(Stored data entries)
****************
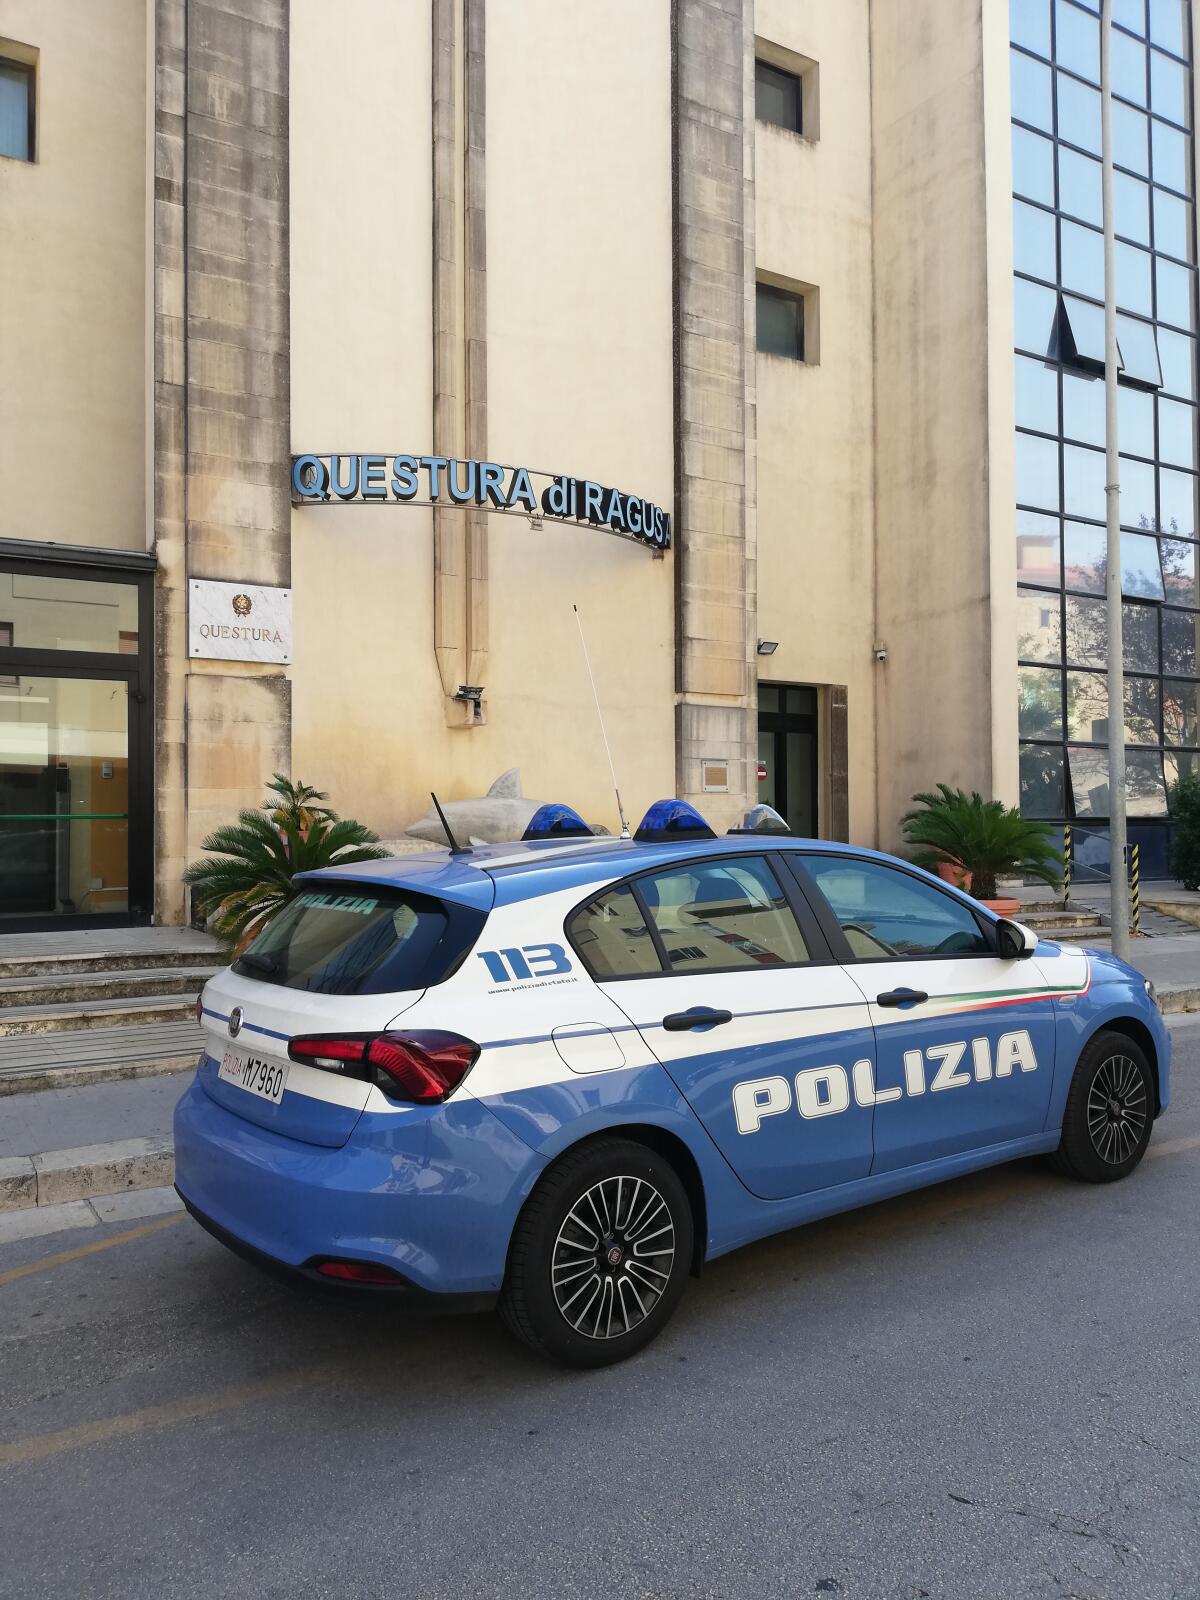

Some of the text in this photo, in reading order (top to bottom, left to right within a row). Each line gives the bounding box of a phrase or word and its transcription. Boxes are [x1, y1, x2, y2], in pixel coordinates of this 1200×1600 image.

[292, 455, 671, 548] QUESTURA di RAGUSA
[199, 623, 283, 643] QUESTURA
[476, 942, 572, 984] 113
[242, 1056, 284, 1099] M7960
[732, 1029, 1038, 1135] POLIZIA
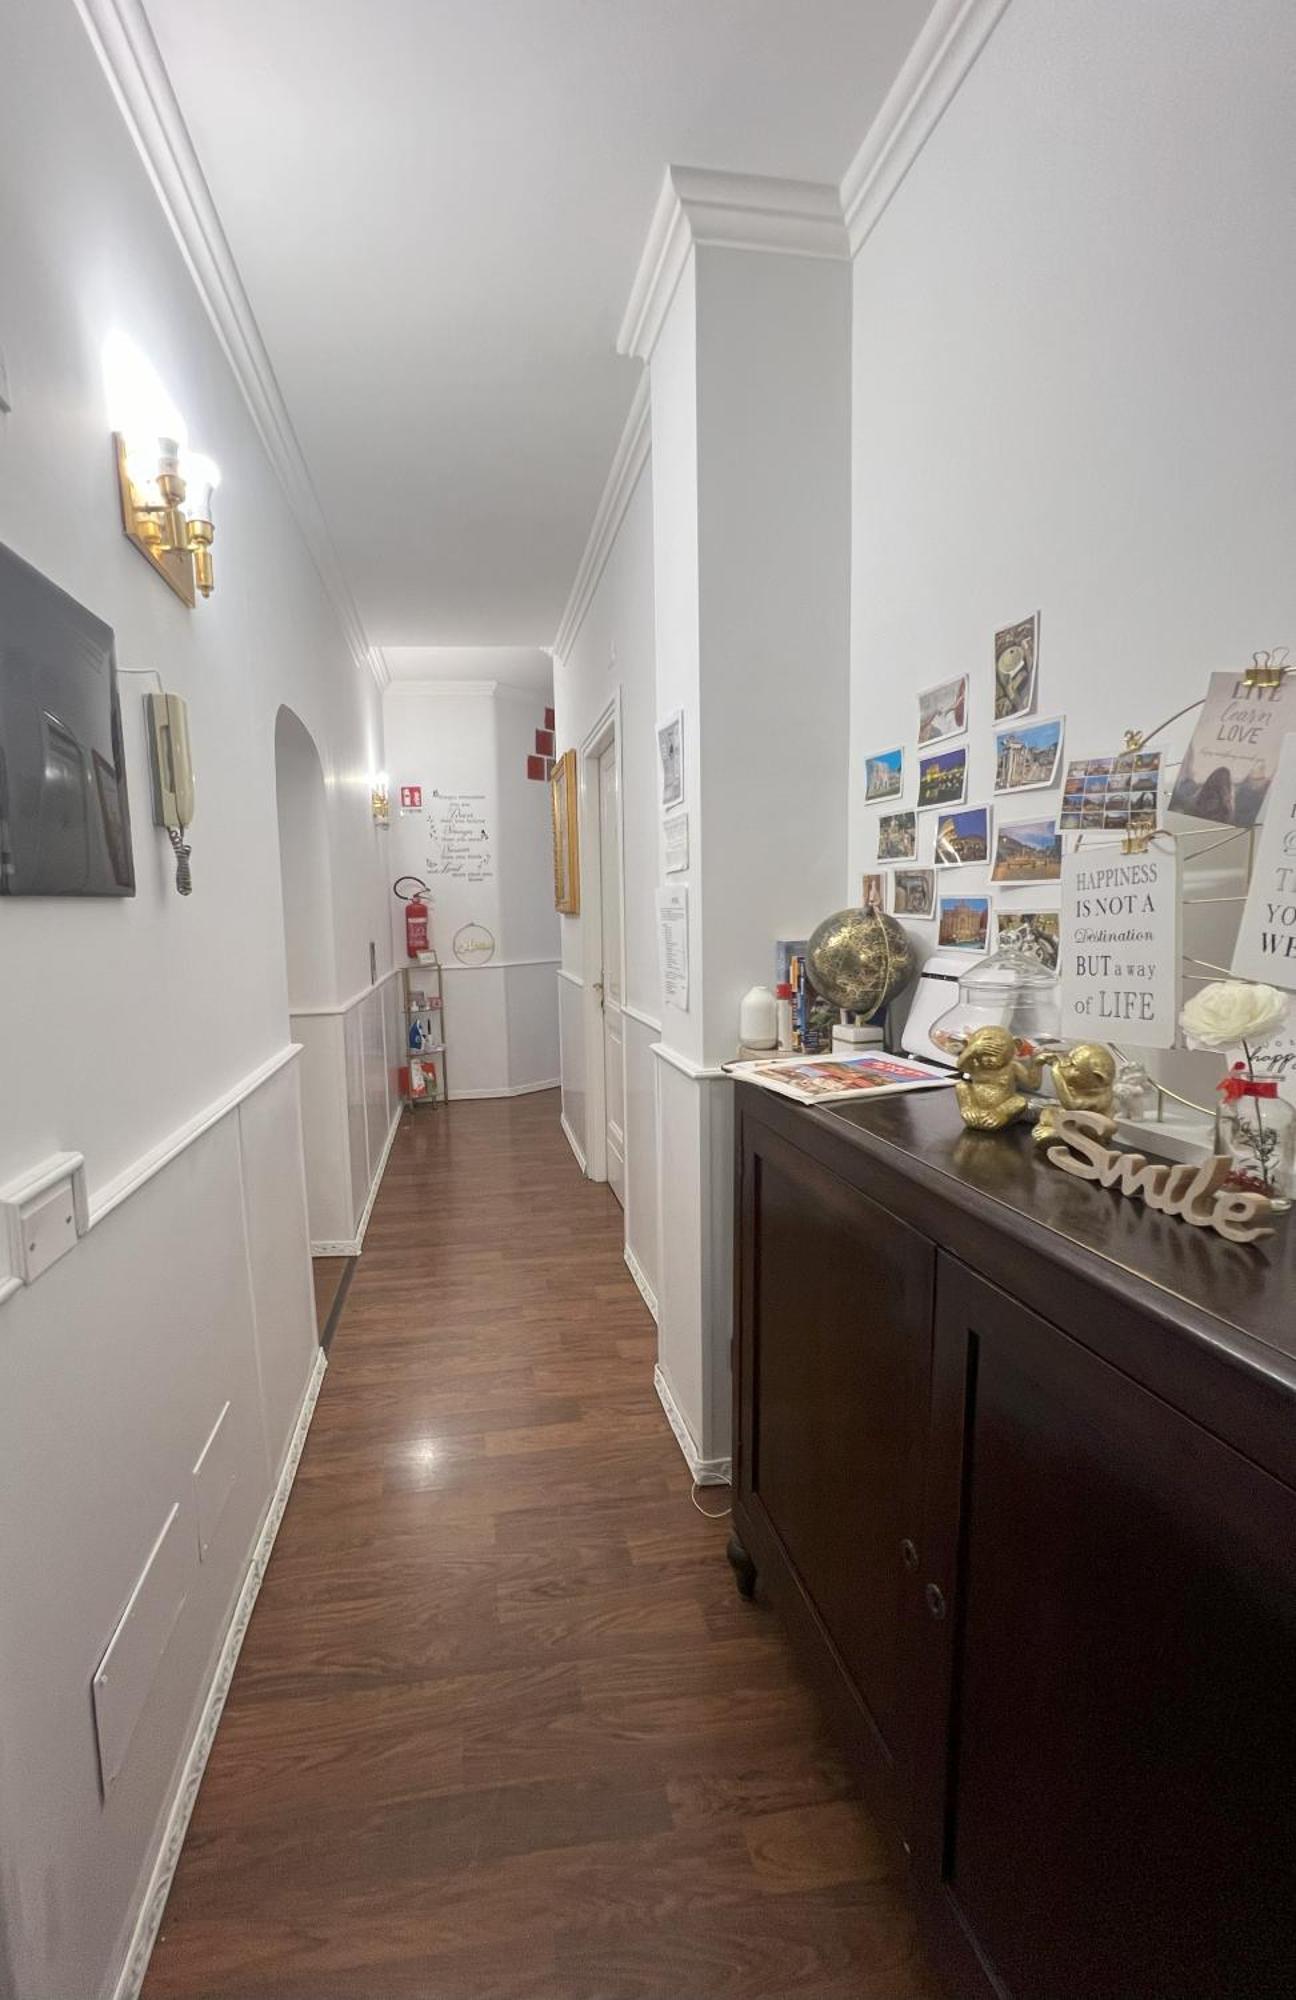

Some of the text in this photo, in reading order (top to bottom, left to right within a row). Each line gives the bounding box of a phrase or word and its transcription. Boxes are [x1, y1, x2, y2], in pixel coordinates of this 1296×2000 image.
****************
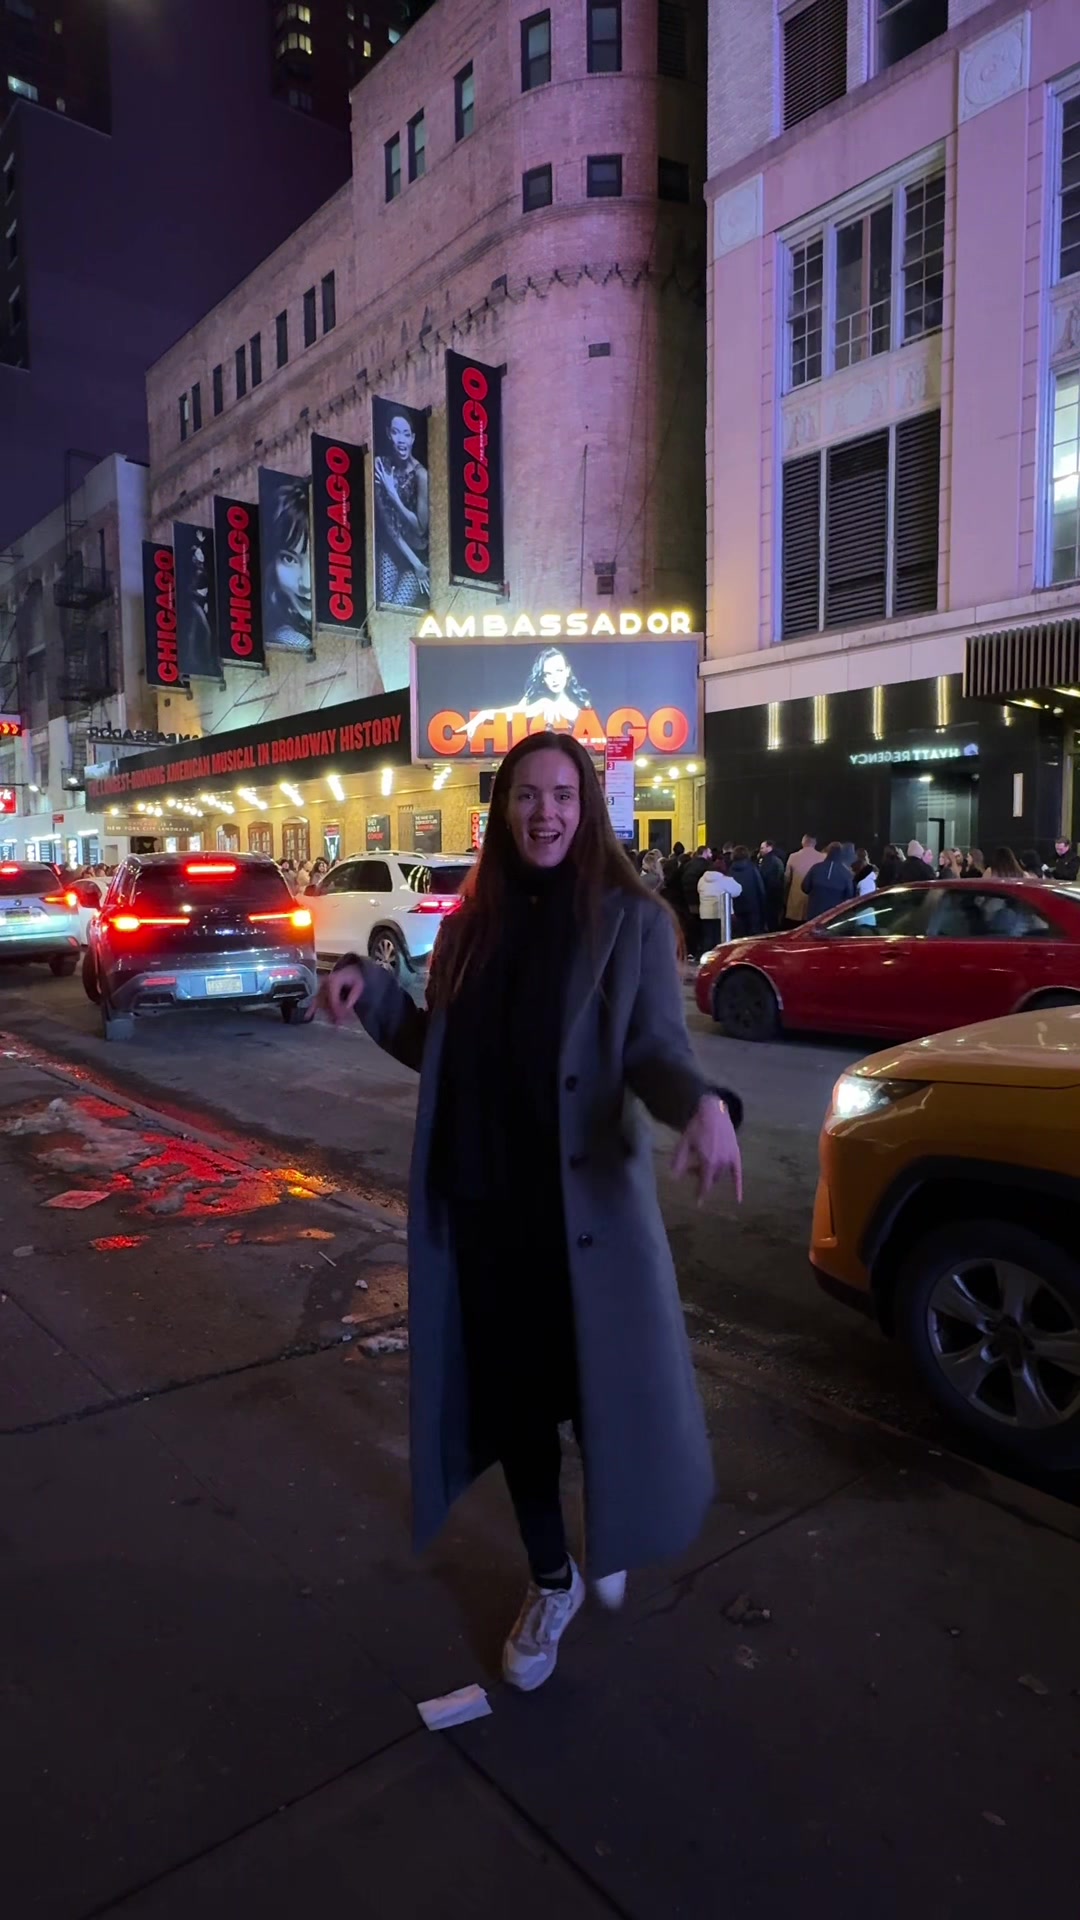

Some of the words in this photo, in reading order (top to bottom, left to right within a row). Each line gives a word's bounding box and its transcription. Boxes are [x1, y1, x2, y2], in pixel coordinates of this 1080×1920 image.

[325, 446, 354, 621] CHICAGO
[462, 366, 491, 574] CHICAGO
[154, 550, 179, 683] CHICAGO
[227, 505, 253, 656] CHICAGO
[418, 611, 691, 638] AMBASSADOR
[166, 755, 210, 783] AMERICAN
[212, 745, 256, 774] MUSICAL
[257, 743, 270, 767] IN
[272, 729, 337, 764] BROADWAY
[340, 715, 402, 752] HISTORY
****************
Task objective:
Of the records above, print only the lines from the one containing "this 1200×1600 image." through the one containing "this 1296×2000 image.", inclusive and unaltered, leaving out pictures.

Answer box:
Some of the text in this photo, in reading order (top to bottom, left to right within a row). Each line gives the bounding box of a phrase or word and its transcription. Boxes are [x1, y1, x2, y2], in pixel coordinates of this 1200×1600 image.

[292, 455, 671, 548] QUESTURA di RAGUSA
[199, 623, 283, 643] QUESTURA
[476, 942, 572, 984] 113
[242, 1056, 284, 1099] M7960
[732, 1029, 1038, 1135] POLIZIA

Some of the text in this photo, in reading order (top to bottom, left to right within a row). Each line gives the bounding box of a phrase or word and its transcription. Boxes are [x1, y1, x2, y2], in pixel coordinates of this 1296×2000 image.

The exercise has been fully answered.